Of course, nothing's wrong with any of this: it's a grand, imposing spectacle, if a little too elaborate for its own good at times (Drago's army is implausibly large and well-stocked), with well-staged action scenes that make full use of the broad canvas permitted by animation and characters who can fly. It's a handsome movie, the most polished and realistic in DreamWorks's canon, thought that realism comes at a price: the character designs have all gotten a bit less rubbery and likable than they were before (mostly in the way of textures and hair - boy, are the filmmakers ever fucking proud of Stoick's mustache, it gets almost as many close-ups as any of the other characters). And John Powell's score, reusing cues from the last film alongside a few new ones, is extravagantly robust and overwhelming, like the best of Maurice Jarre and James Horner rolled up together.
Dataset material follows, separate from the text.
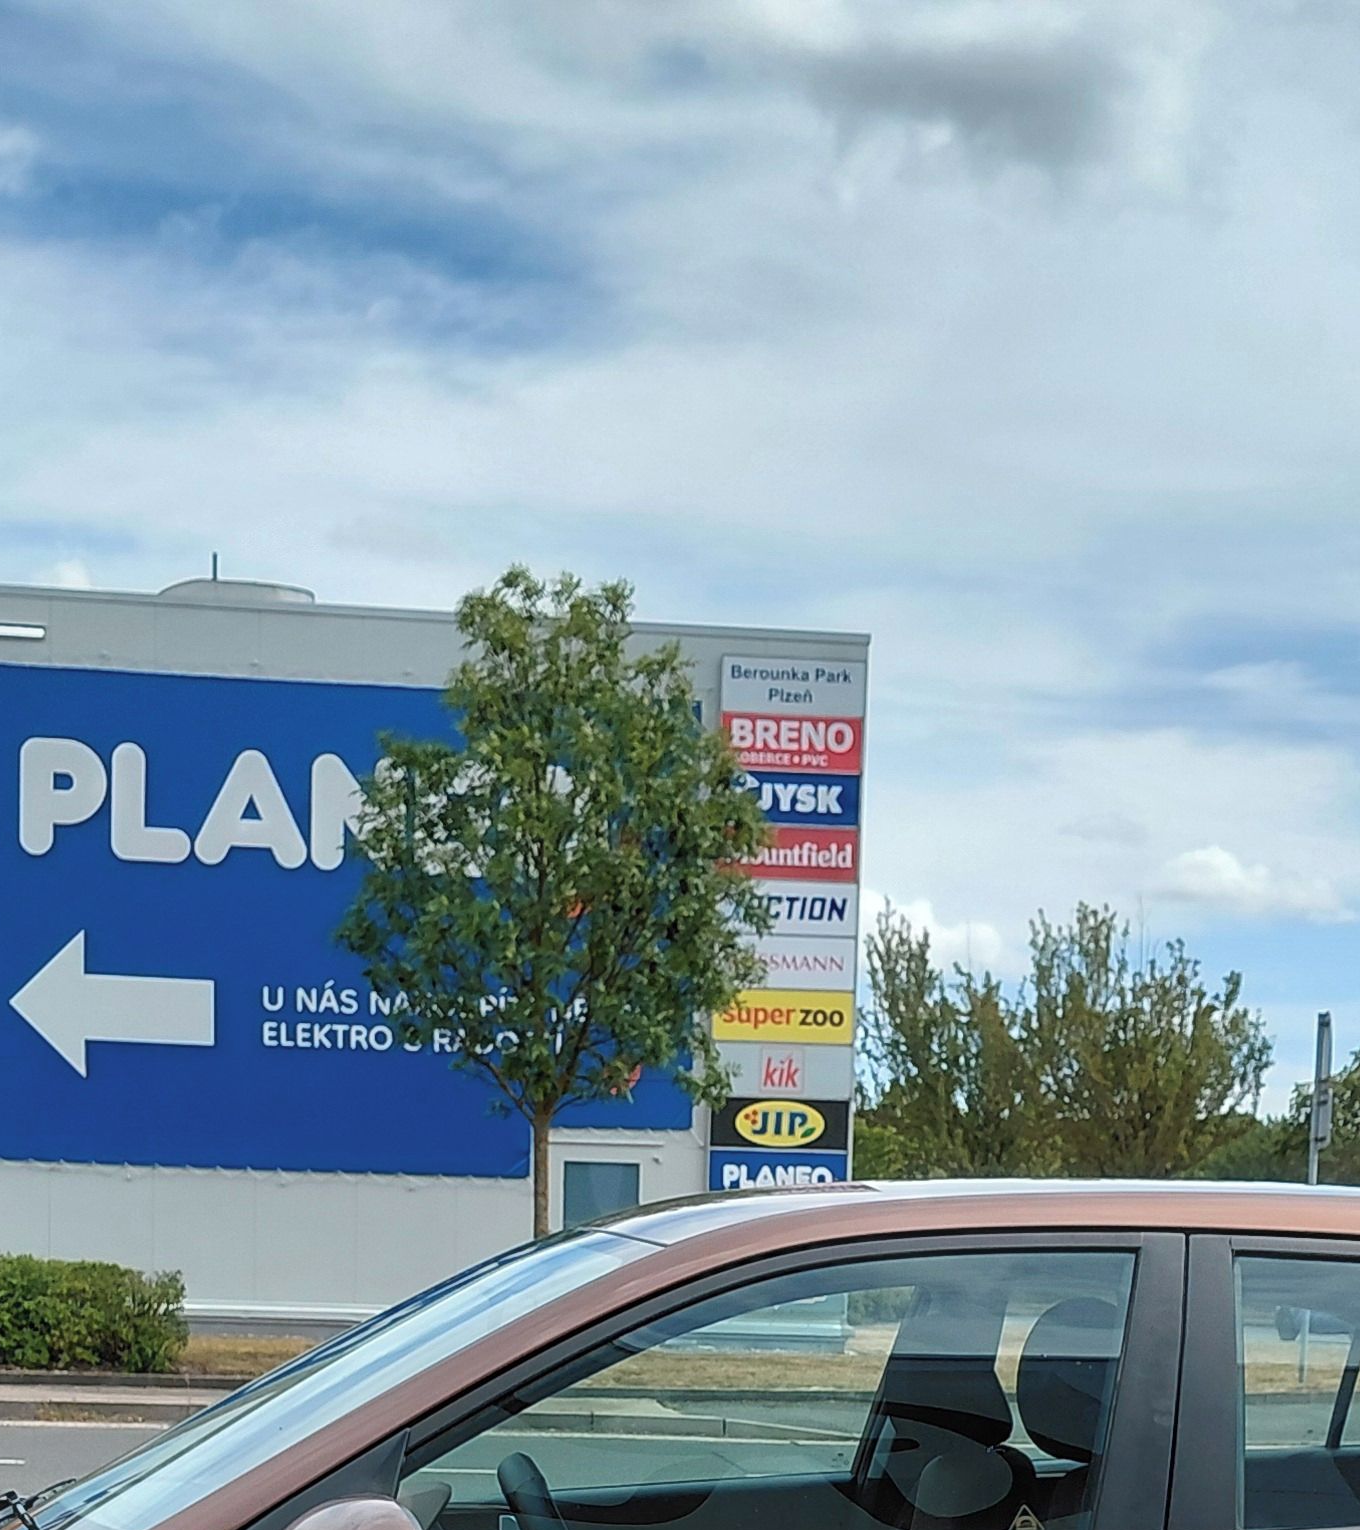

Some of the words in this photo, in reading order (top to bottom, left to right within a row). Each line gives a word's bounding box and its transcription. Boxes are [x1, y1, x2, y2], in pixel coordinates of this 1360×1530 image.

But epic grandeur isn't any replacement for the scene in the first movie of Hiccup gently, patiently causing Toothless to creep nearer to him; it doesn't excuse the way that all of the supporting characters have been thrust into an idiotic love quadrangle plot and denuded of the comic relief elements that were their primary reason for existing in the first place (this is, in fact, a surprisingly non-funny movie, for an American animation). How to Train Your Dragon 2 is beautiful and imposing; but it's also a bit remote. The best moment in the movie, by far, is a tentative, then ebullient dance between Stoick and Valka, reunited after 20 years; the second best is all tangled up in spoilers, but it involves a stately, meaningful farewell to one of the characters to kick off the last act. These are both character moments to the bone; they're moments that are in dismayingly short supply throughout the movie as a whole. It's rich and involved storytelling, largely beautiful to look at, and I'll never say no to a chance to revisit the franchise's intoxicatingly well-executed dragon animation, but a little heart and soul got lost on the way to grandeur and weight and scale.